Import Python packages that are used for the analysis.

[1]:

import datacube
import urllib.request, json
import geopandas as gpd
import rioxarray
import odc.aws
from pprint import pprint
from datacube.testutils.io import rio_slurp_xarray

Connect to the datacube

[2]:

dc = datacube.Datacube(app='Downloading_data_with_STAC')

Searching STAC metadata

Construct the STAC API call

First we need to set up some analysis parameters that will be used to search for metadata. This includes product, which is the same product name used to load data directly using dc.load (see Introduction to loading data). In this example we’ll choose a small area over Madagascar.

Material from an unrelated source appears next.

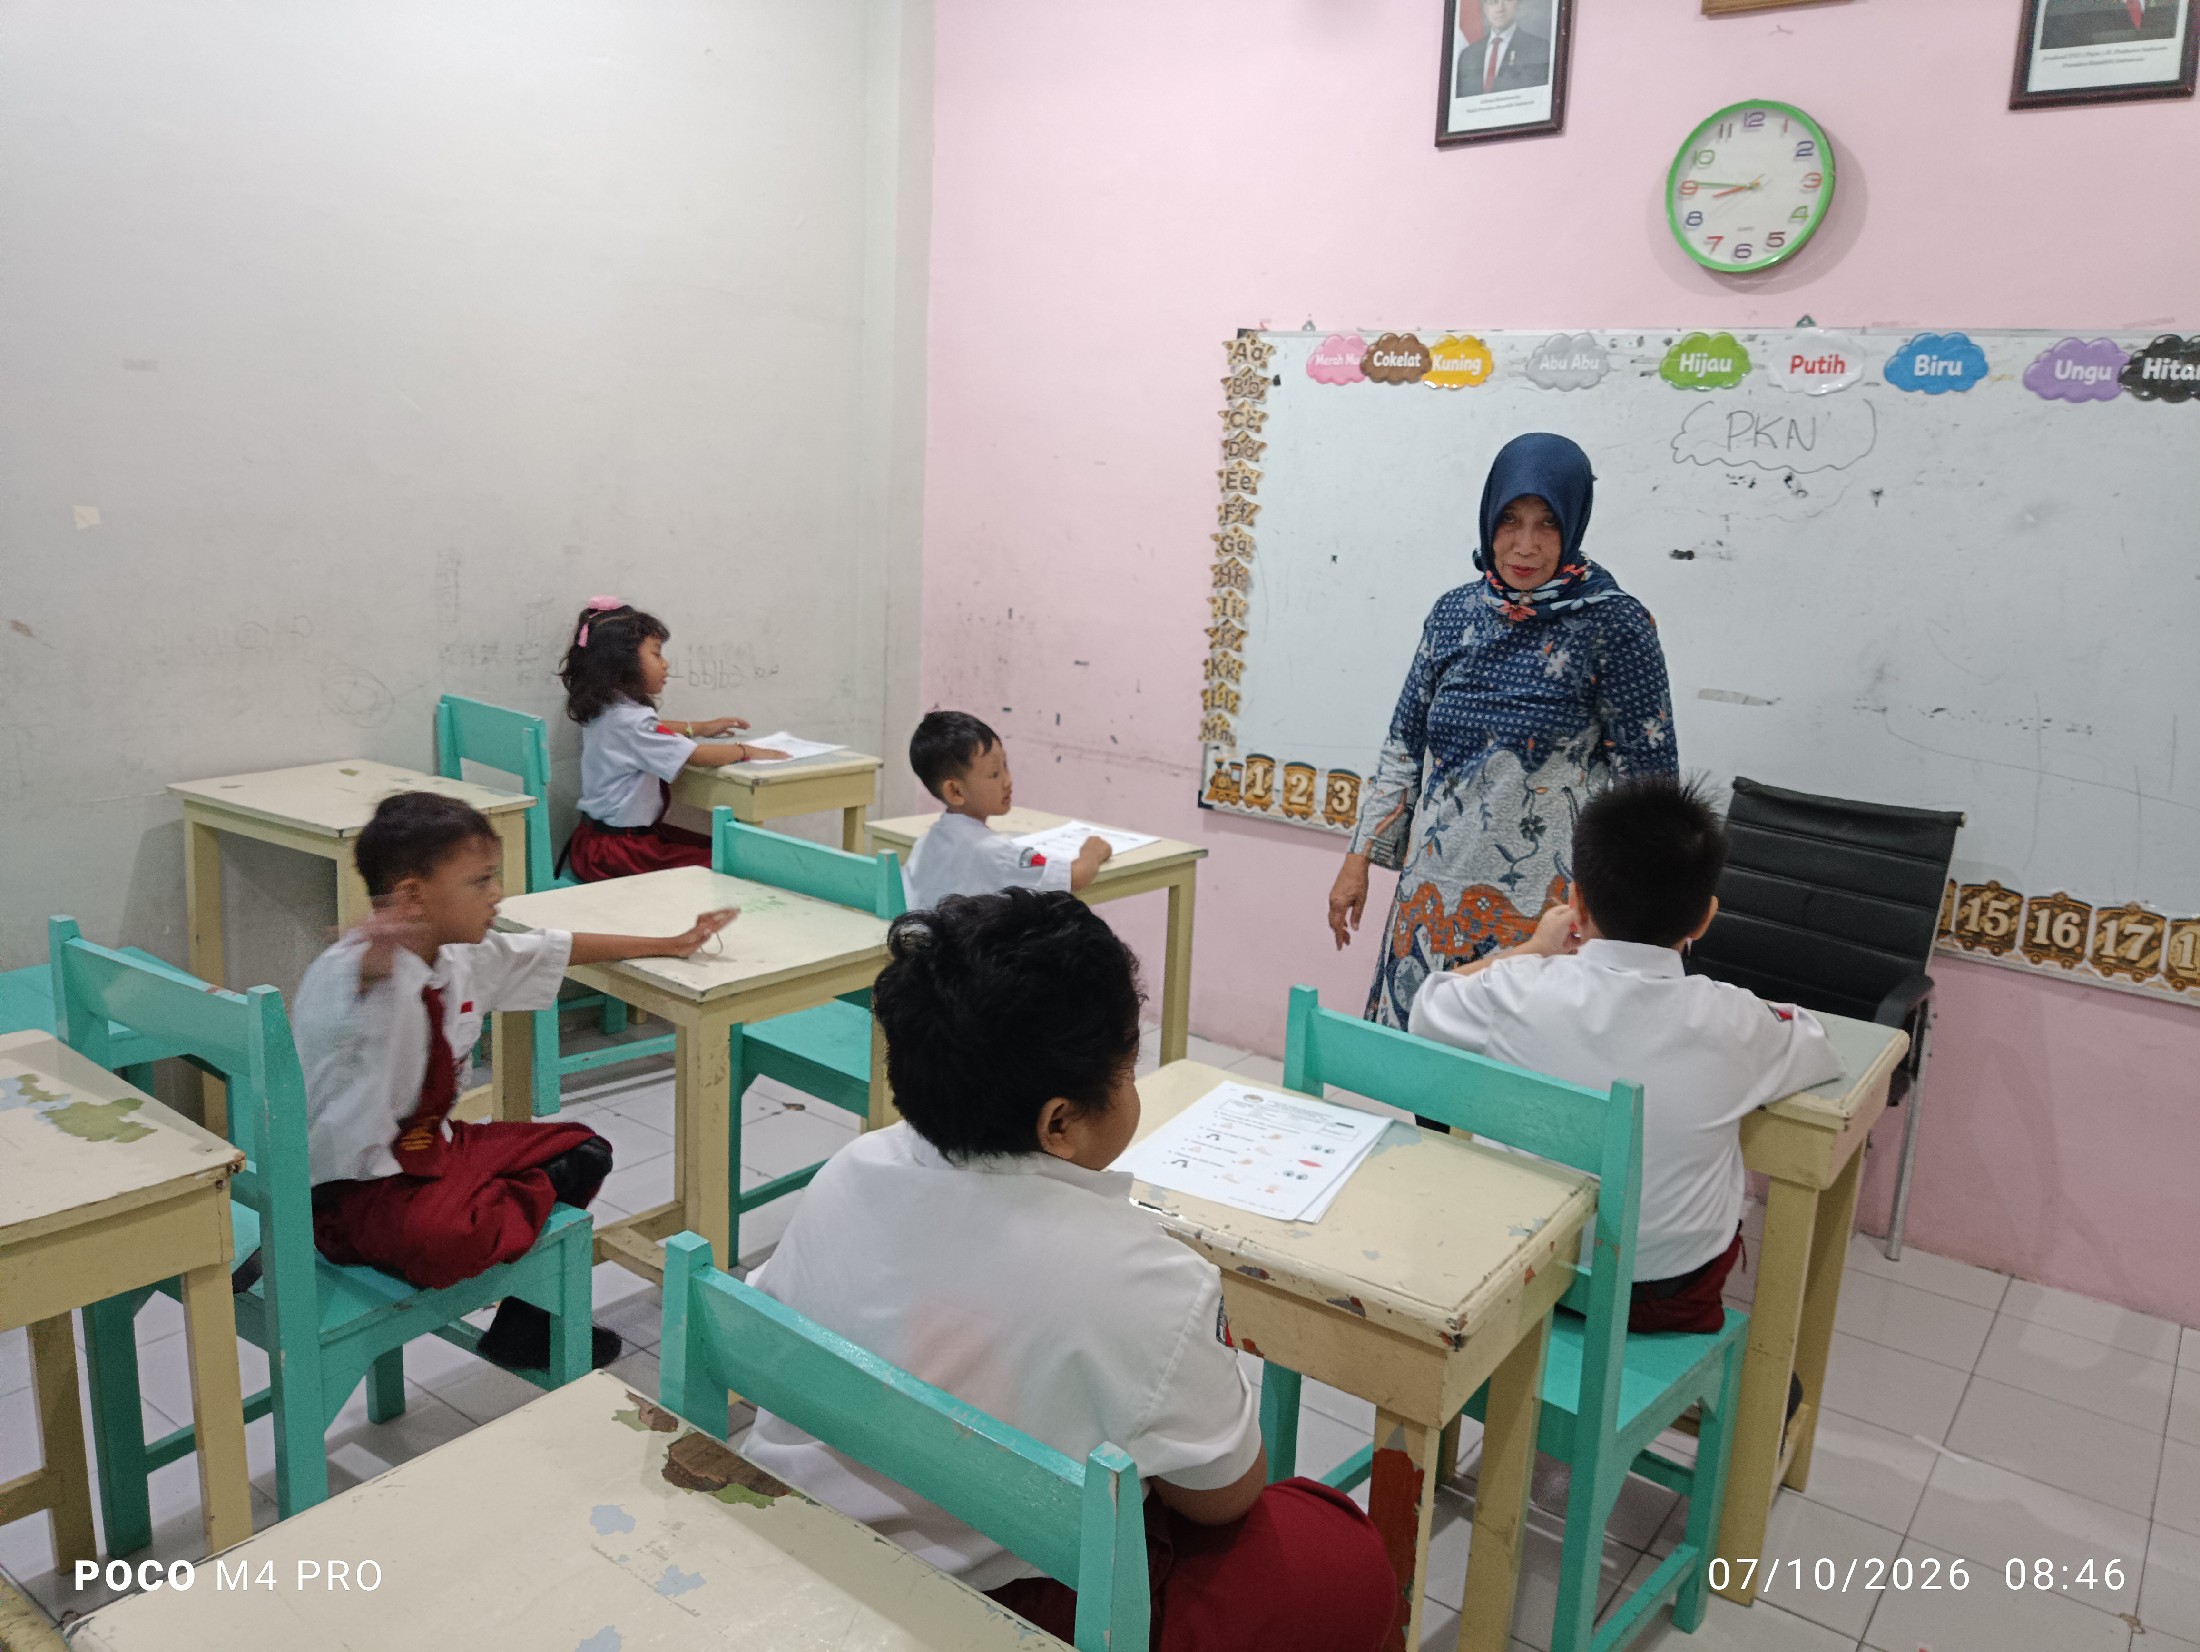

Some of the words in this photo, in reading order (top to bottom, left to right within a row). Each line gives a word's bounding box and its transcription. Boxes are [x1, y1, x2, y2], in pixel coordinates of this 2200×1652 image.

For a full list of available products, browse the DE Africa Sandbox Explorer.

[3]:

product = 's2_l2a'
start_time = '2020-01-01'
end_time = '2020-01-31'
bbox = [45.0,-20.1,  47.0, -19.8]

We can now combine the parameters above to create a URL that will be used to query Digital Earth Africa’s STAC metadata. This metadata can be previewed in another tab by clicking the URL.

[4]:

root_url = 'https://explorer.digitalearth.africa/stac'
stac_url = f'{root_url}/search?collection={product}&time={start_time}/{end_time}&bbox={str(bbox).replace(" ", "")}&limit=6'
print(stac_url)

https://explorer.digitalearth.africa/stac/search?collection=s2_l2a&time=2020-01-01/2020-01-31&bbox=[45.0,-20.1,47.0,-19.8]&limit=6

Load STAC metadata

We can now load metadata from the URL above into Python. STAC metadata is stored in JSON format, which we can read into nested Python dictionaries using the json Python module.

[5]:

with urllib.request.urlopen(stac_url) as url:
    data = json.loads(url.read().decode())
pprint(data, depth=1)

{'context': {...},
 'features': [...],
 'links': [...],
 'numberMatched': 144,
 'numberReturned': 6,
 'type': 'FeatureCollection'}

Inspecting STAC Items

In the output above, the numberReturned value indicates our search returned six unique results. These results are known as STAC Items. These are an atomic collection of inseparable data and metadata, such as a unique satellite dataset.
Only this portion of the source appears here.